The translator calls the clause I have bolded "obscure," which it certainly is. A strictly literal reading would be "under a sword redeems a crown." Whatever that may mean, sub gladio ("under a sword") can't very well mean that the crown was on the sword.

The other Tertullian passage, from De Corona, Chapter XV, goes into somewhat more detail and seems likely to be Hall's source:

Blush, ye fellow-soldiers of his [Christ's], henceforth not to be condemned even by him, but by some soldier of Mithras, who, at his initiation in the gloomy cavern, in the camp, it may well be said, of darkness, when at the sword’s point a crown is presented to him [coronam interposito gladio sibi oblatam], as though in mimicry of martyrdom, and thereupon put upon his head, is admonished to resist and cast it off, and, if you like, transfer it to his shoulder, saying that Mithras is his crown. And thenceforth he is never crowned; and he has that for a mark to show who he is, if anywhere he be subjected to trial in respect of his religion; and he is at once believed to be a soldier of Mithras if he throws the crown away -- if he say that in his god he has his crown. Let us take note of the devices of the devil, who is wont to ape some of God’s things with no other design than, by the faithfulness of his servants, to put us to shame, and to condemn us.
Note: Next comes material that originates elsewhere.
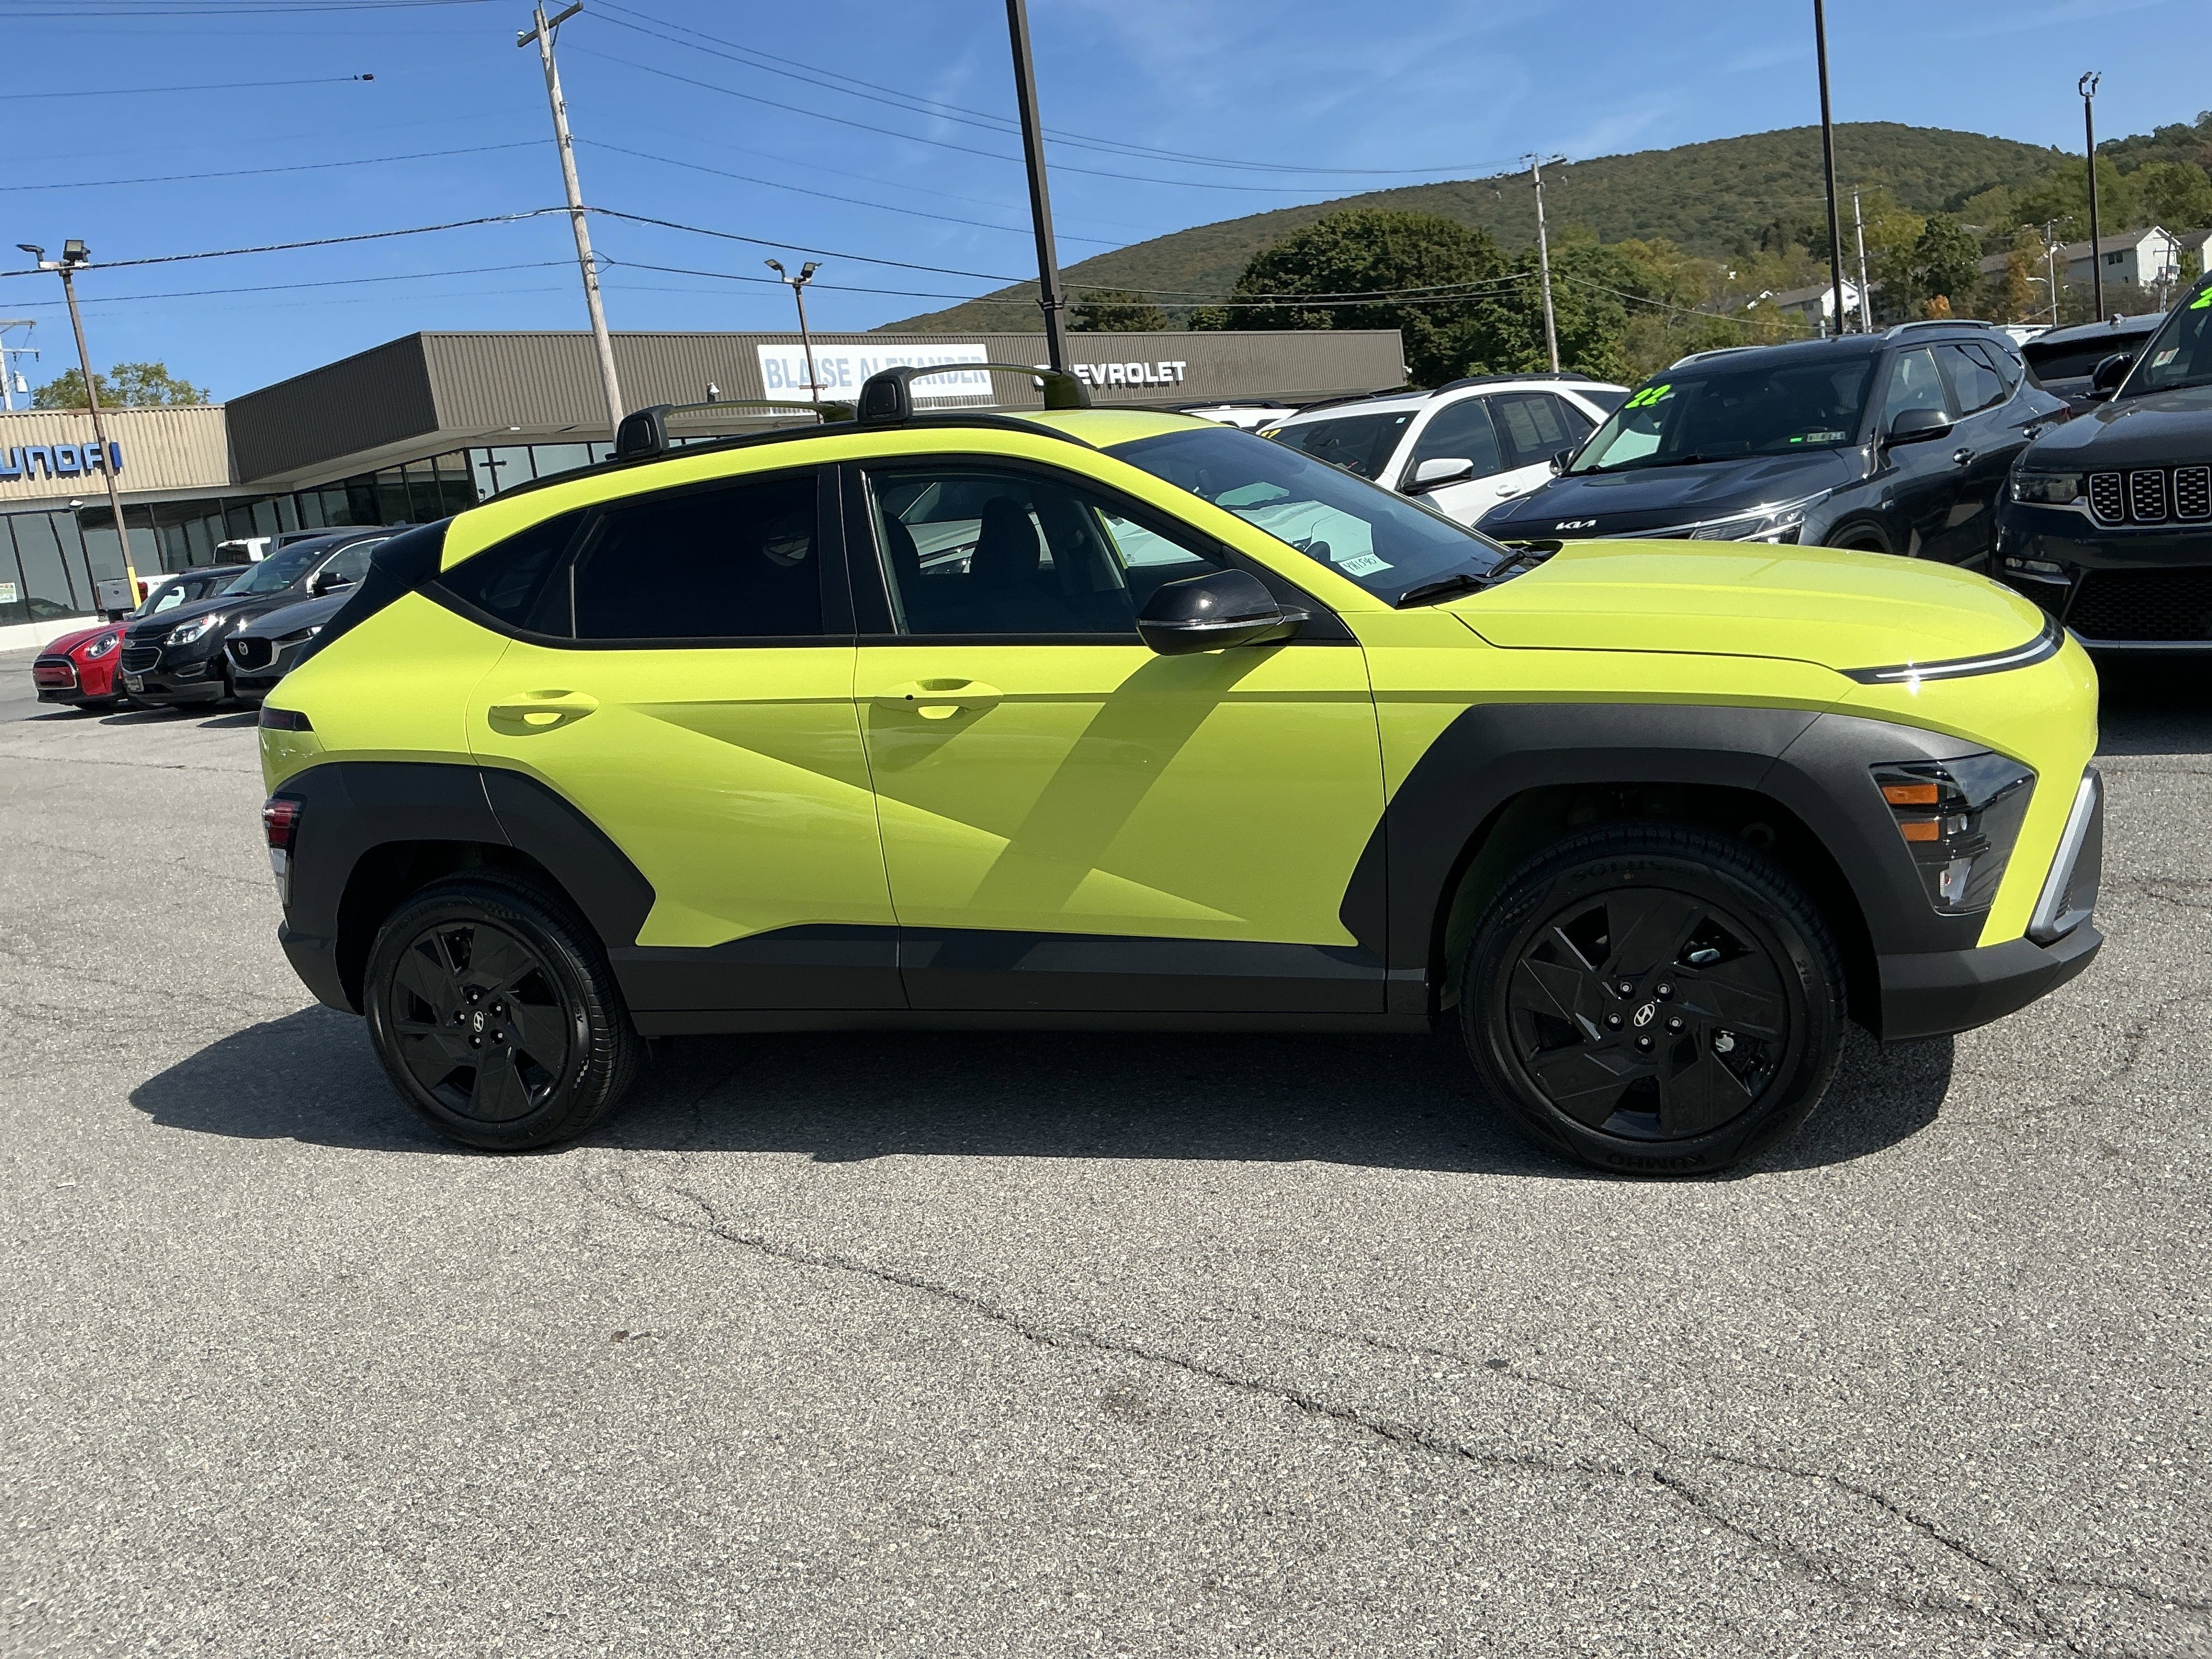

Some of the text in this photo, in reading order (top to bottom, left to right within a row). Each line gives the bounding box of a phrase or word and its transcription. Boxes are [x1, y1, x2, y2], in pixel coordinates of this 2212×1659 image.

[764, 358, 853, 388] BLAISE
[1624, 385, 1672, 409] 22
[1555, 519, 1598, 530] KIA
[1606, 1153, 1706, 1170] KUMHO
This is literally "he is presented a crown with a sword interposed," which again seems unlikely to mean that the sword itself was "crowned," as in the Ace. I think that what Tertullian means is that the candidate is "forced" at swordpoint to accept the crown but is nevertheless supposed to reject it, expressing the fact that he would rather die than accept any other crown than Mithras himself. (Is there a pun here on Mithras and mitra, "mitre"?) It seems strange to us today, when almost nobody ever wears a crown, that not wearing one could be "a mark to show who" is a true follower of Mithras, but things were different in Tertullian's time. De Corona opens with this anecdote:

Very lately it happened thus: while the bounty of our most excellent emperors was dispensed in the camp, the soldiers, laurel-crowned, were approaching. One of them, more a soldier of God, more stedfast than the rest of his brethren, who had imagined that they could serve two masters, his head alone uncovered, the useless crown in his hand -- already even by that peculiarity known to every one as a Christian -- was nobly conspicuous. Accordingly, all began to mark him out, jeering him at a distance, gnashing on him near at hand. The murmur is wafted to the tribune, when the person had just left the ranks. 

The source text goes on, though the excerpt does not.